Someone, Please Save Me From Hell March 25, 2014

A relative recently posted this image on facebook, along with a call for all of those “who haven’t repented” to take note. There are a lot of Christians today who either do not believe in hell or downplay the idea of hell. Unfortunately, this is not true of my relatives. For them, hell is as real as you or me, and is the rate of anyone who has not repented and prayed the sinner’s prayer.

Sadly, I cannot simply be theoretical about this. This is because I know from experience that a belief in a literal hell can ruin relationships. My mother’s firm belief in the reality of hell, after all, is perhaps the most significant problem in our strained relationship. I can’t disagree with her on, well, anything without her worrying about my eternal salvation—without her shedding tears over the possibility that I might burn in fire, screaming in anguish, for eternity. And unless I can make her stop believing in hell, which I can’t, this won’t change. She will, for the rest of her life, cry over her fear that her daughter will suffer a fate worse than anything imaginable on this earth—an eternity in hell.

In fact, I think my mother’s primary goal in life, at this point, is to ensure that each and every one of her children will go to heaven, and avoid the fate of hell. “I just want to see my children in heaven,” she told me during a recent heart to heart. I can’t shake the feeling that religion is more important to my mother than her children, and that she can only value her children through the lens religion provides her. She shows her love for her children by trying to keep us out of hell rather than by accepting us as we are. And that’s really not good for our relationship.

But when you believe in a literal hell, what’s good for relationships is not of primary importance. Instead, bringing a person to repentance is of primary importance, and anything that might lead to that becomes justified. If you believed that you had to get your friend to the safety of a police station or a man would kidnap her, hold her hostage, and torture her, wouldn’t you do anything in your power to get her there? If she refused to believe you and told you you were delusional, you might feel that even kidnapping her yourself to bring her to safety would be justified. Even so, this belief that a literal hell awaits those who don’t trust Jesus as their savior—or those who live “sinful lifestyles”—justifies all manner of treatment that would otherwise be considered wrong or even abusive. Anything that might bring those wayward ones to repentance becomes justified.

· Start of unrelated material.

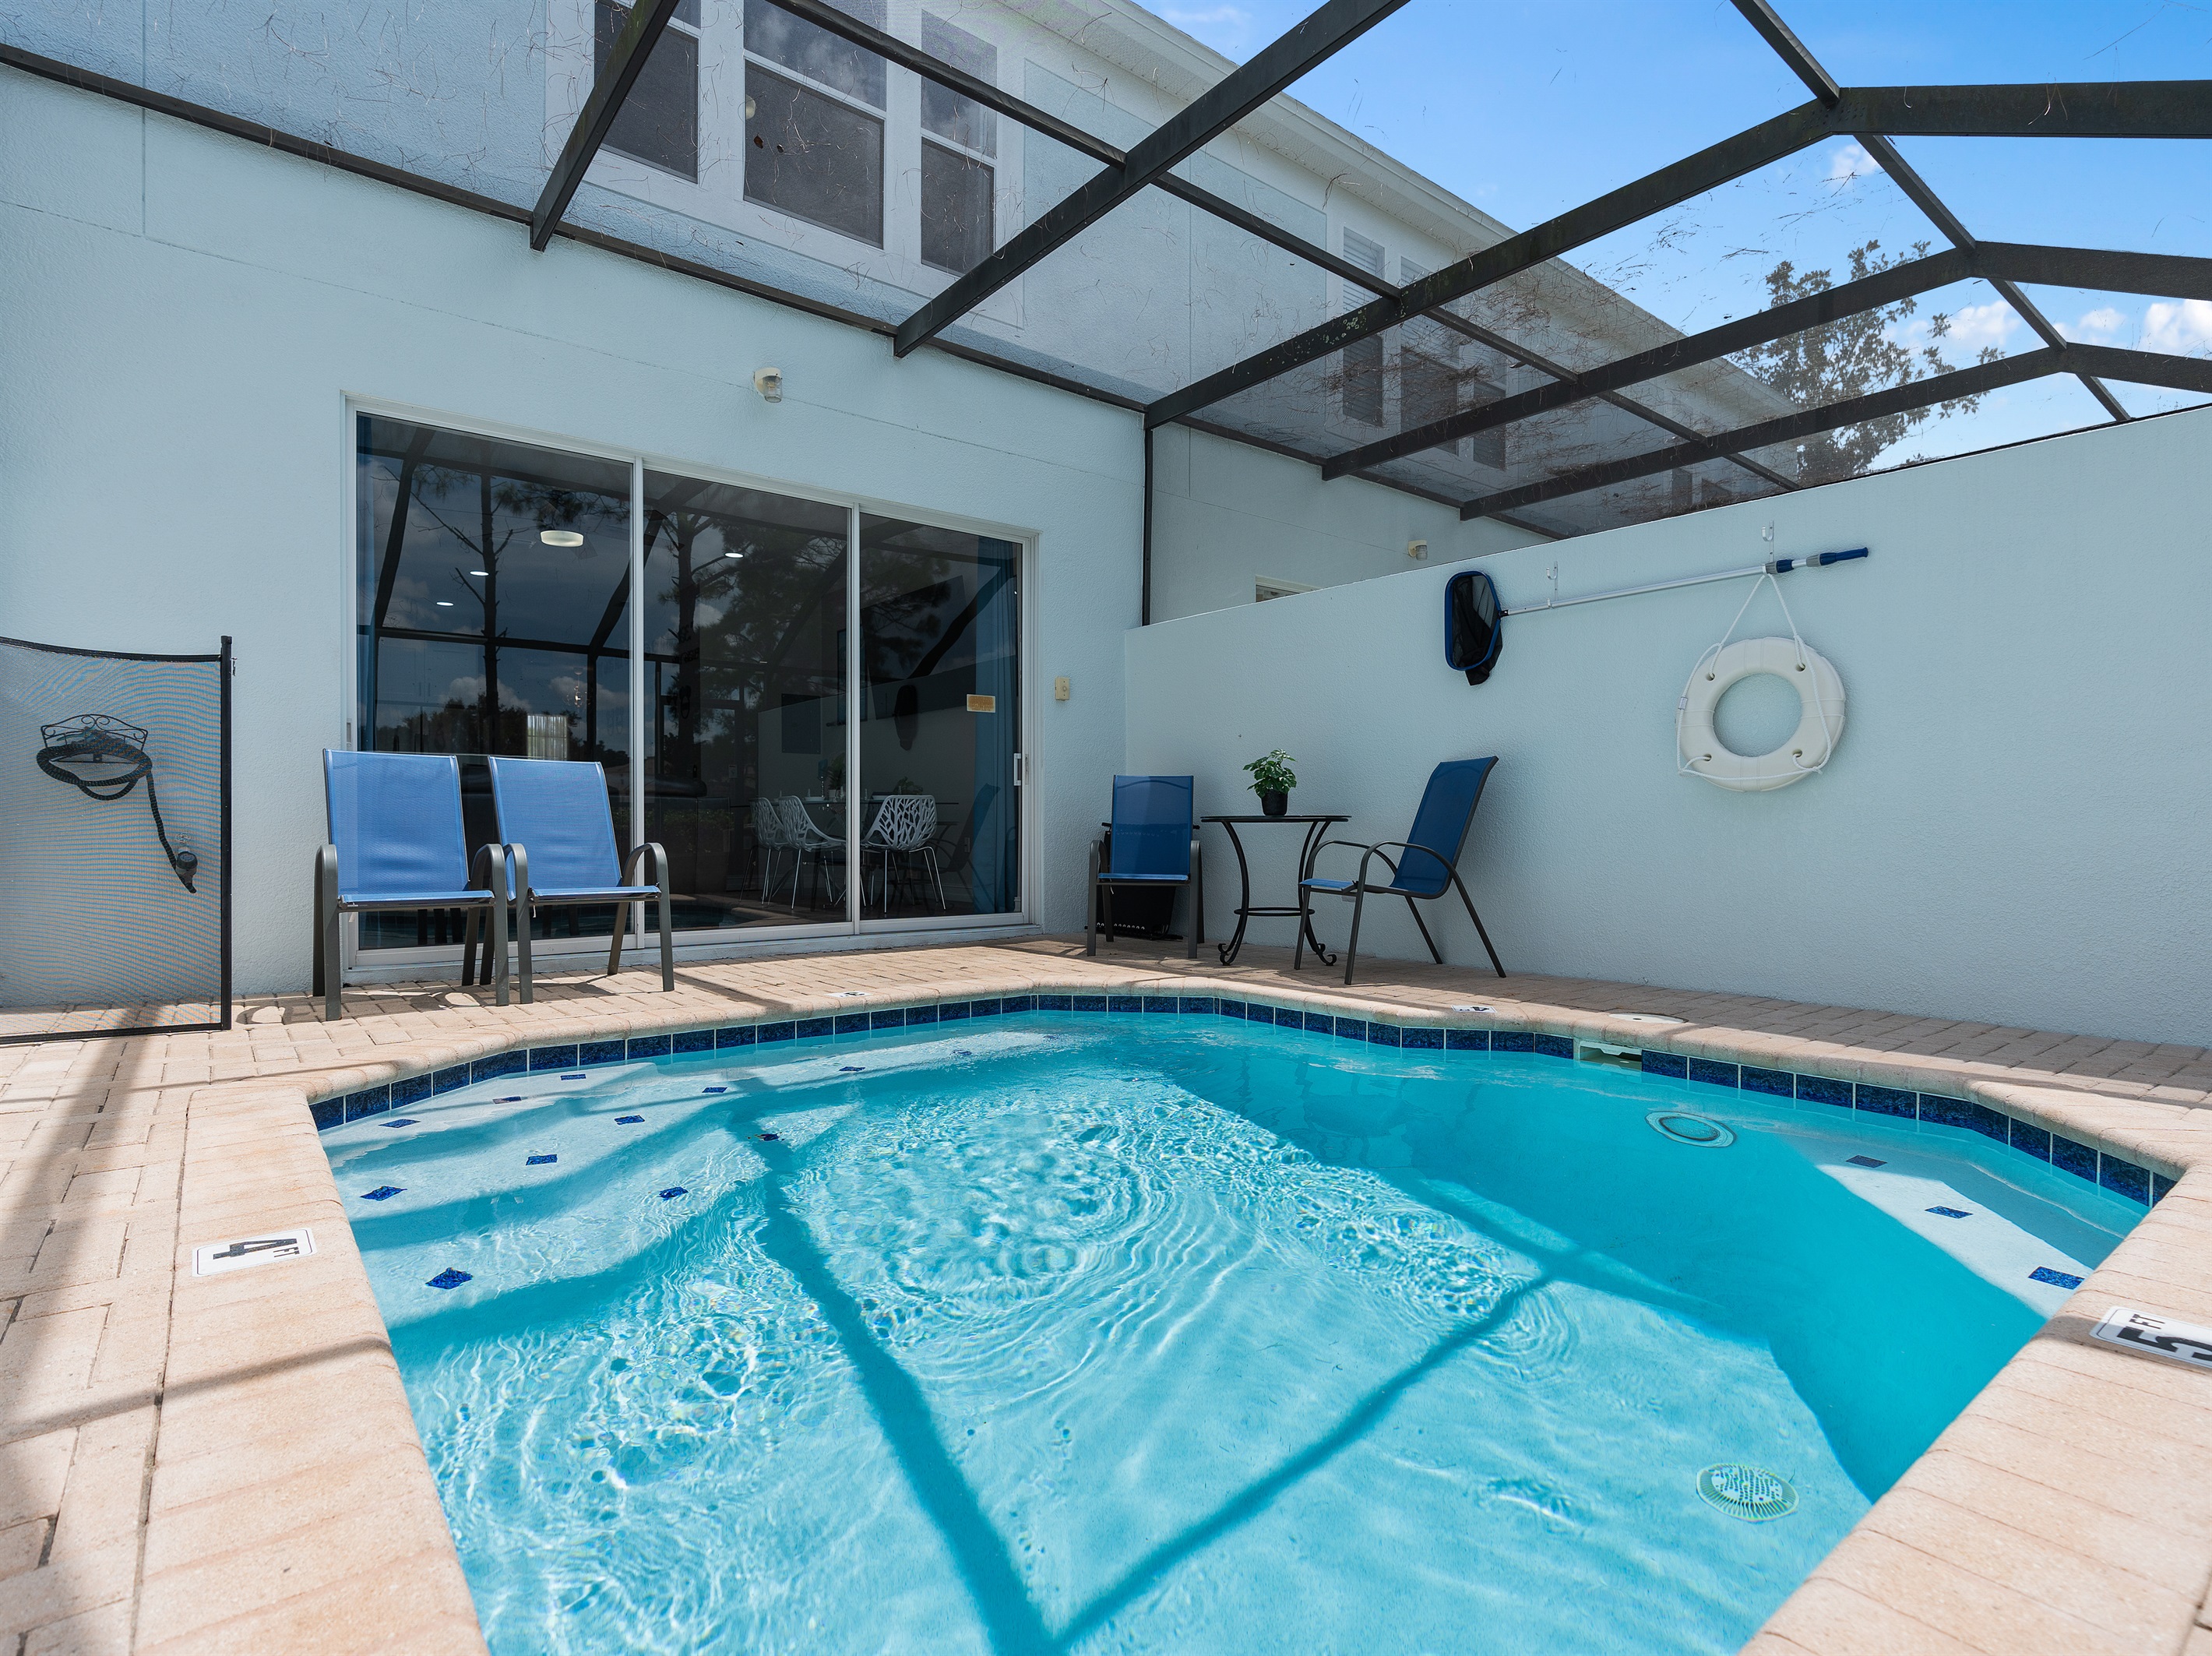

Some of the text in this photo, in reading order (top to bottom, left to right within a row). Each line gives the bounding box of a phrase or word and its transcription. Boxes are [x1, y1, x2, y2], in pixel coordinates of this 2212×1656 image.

[213, 1238, 300, 1260] 4 FT
[2116, 1313, 2212, 1362] 5 FT

Those who argue that a literal belief in hell is rare and that Christianity has moved beyond that should take a drive through the midwestern countryside. This is my home turf, and I can’t drive across the state without coming face to face with the billboards that pop up here and there amongst fields and farms.

The irony is that these sorts of messages don’t bring me any closer to a belief in the Christian God they promote. In fact, if anything, they solidify my lack of belief. If the god they so want me to believe in really consigns any who don’t believe in him and trust his son as their savior to eternal torture in hell, well, that is not a god I want any part in. That is not a good god, or a god worthy of praise.

Oh I know, I’ve heard the argument that God has no choice in the matter, that he has to consign those who do not believe to hell even though he does not want to. But if God is all powerful and all knowing, that idea is ridiculous. I mean really? God couldn’t find some other place for those who don’t believe to go, some place that doesn’t involve eternal torture? At least in the Greek afterlife ordinary people are given a neutral humdrum existence and only those who have committed horrific crimes are tortured.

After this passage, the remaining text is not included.